Mit triefend nassen Kleidern folgte sie ihm über den schmalen Kiesweg, der zwischen Anwesen und See entlangführte, zum Dienstboteneingang an der Westseite des Hauses. Von oben betrachtet, musste das prächtige Anwesen einem großen Hufeisen gleichen. Es wurde von einem kastenförmigen Hauptgebäude und zwei schmalen Anbauten gebildet. Die beeindruckende Fassade bestand größtenteils aus massiven, hellgrauen Sandstein-Quadern. Dem Haupteingang vorgelagert war ein überdachter Vorbau mit schlanken Säulen, dessen dreieckiges Giebelfeld vom Wappen der Forelli-Familie geschmückt wurde. Dahinter erhob sich ein runder Turm mit einer türkisgrün patinierten Kuppel, deren Gewölberippen mit Blattgold verziert waren. Über der Kuppel thronte eine Laterne, auf deren Spitze eine vergoldete Möwe befestigt war, die sich nach dem Wind richtete. Entlang der teilweise mit Rosetten versehenen Rundbogenfenster waren wellenförmige Reliefs angebracht, die sich auf der Fassade fortsetzten. Das Gebäude ähnelte mehr einem königlichen Palast als einer Stadtvilla.
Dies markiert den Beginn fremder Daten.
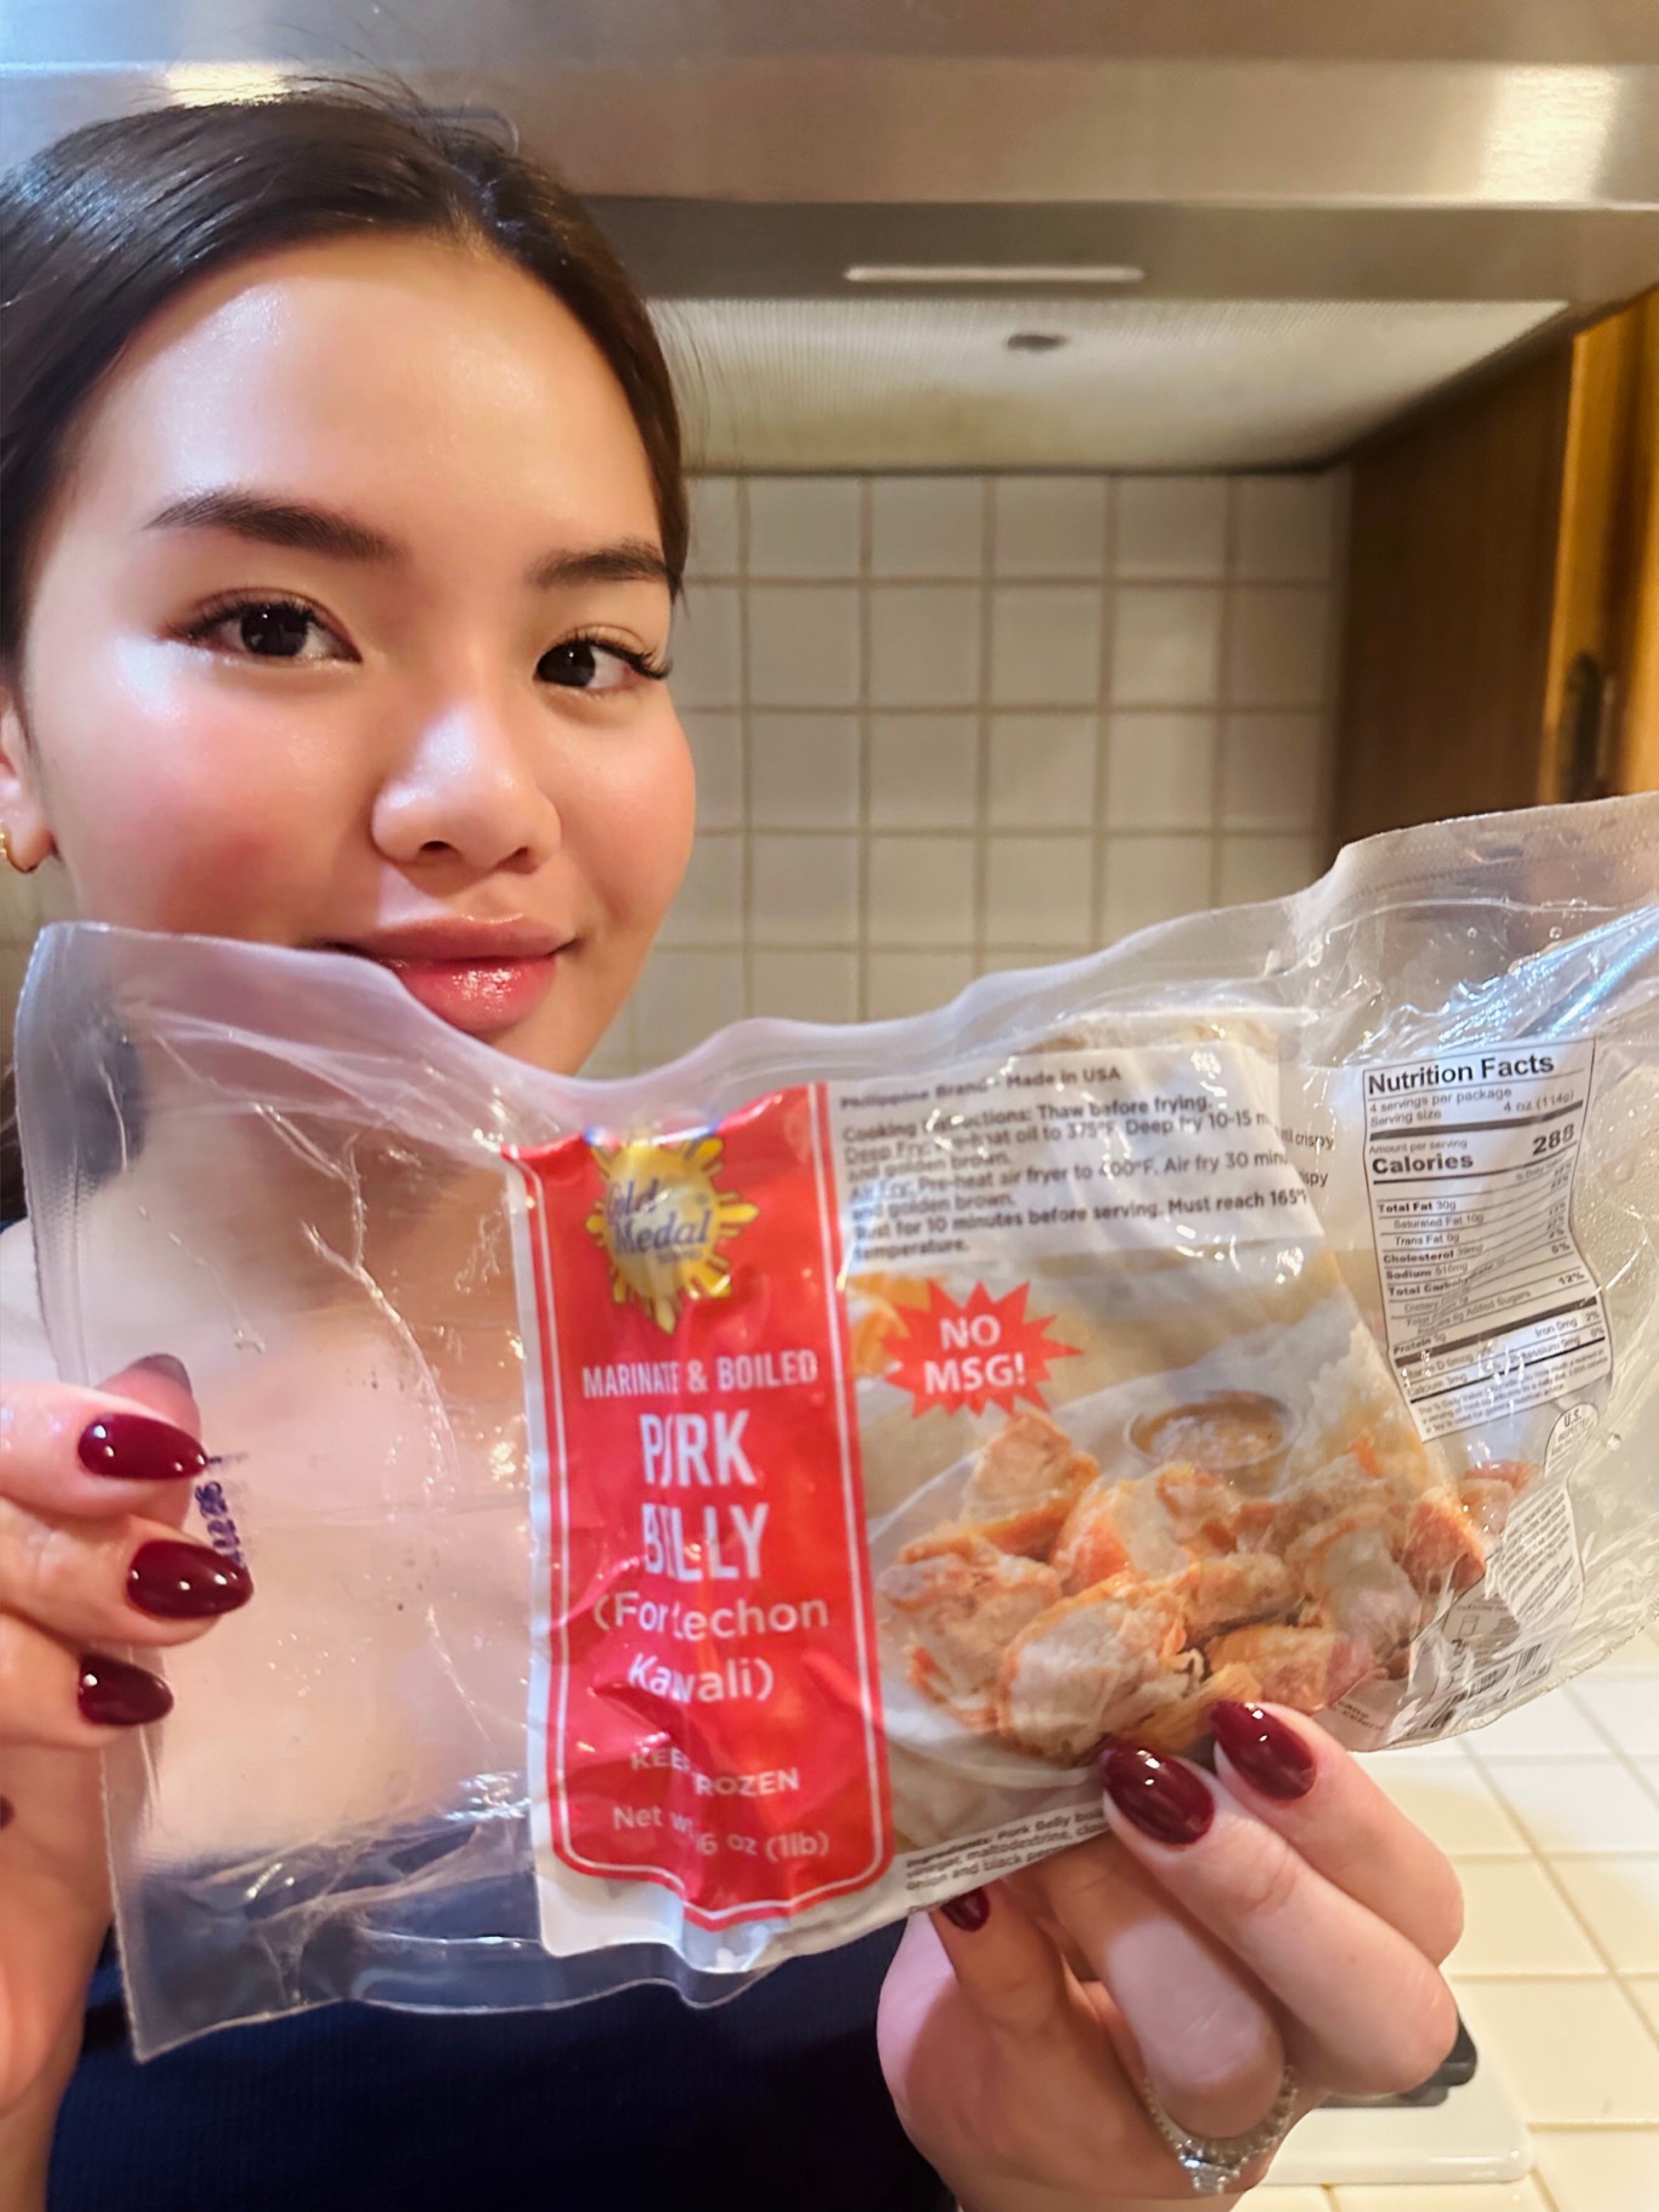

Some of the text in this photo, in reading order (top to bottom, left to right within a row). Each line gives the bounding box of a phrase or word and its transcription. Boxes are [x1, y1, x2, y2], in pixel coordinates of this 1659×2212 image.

»Das ist auch kein Wunder«, sagte Zander, als sie ihn darauf ansprach. »Der Hauptteil des Gebäudes, sowie die daran anschließende Orangerie wurden tatsächlich für einen König errichtet. Als Sommerresidenz, soweit ich weiß.« Er kniff die Augen leicht zusammen, als müsste er sich an etwas erinnern, was er schon vor langer Zeit gehört hatte. »Das muss gewesen sein, bevor die Stadt ihre Unabhängigkeit erlangt hat.«
»Seitdem kommt der König nicht mehr in diese Gegend«, ergänzte Tuna, die hinter ihnen über den knirschenden Kiesweg spazierte. »Er weiß, dass er hier nicht länger erwünscht ist.«
Iris' Blick schweifte zum Rand der Steilklippen, wo das Land einfach abzubrechen schien. Blaugras, Felsnelken und Zungenfarne überwucherten den steinigen Untergrund. Ein kühler, salzig schmeckender Wind schlug ihr ins Gesicht und verstärkte das unangenehme Kältegefühl auf ihrer Haut.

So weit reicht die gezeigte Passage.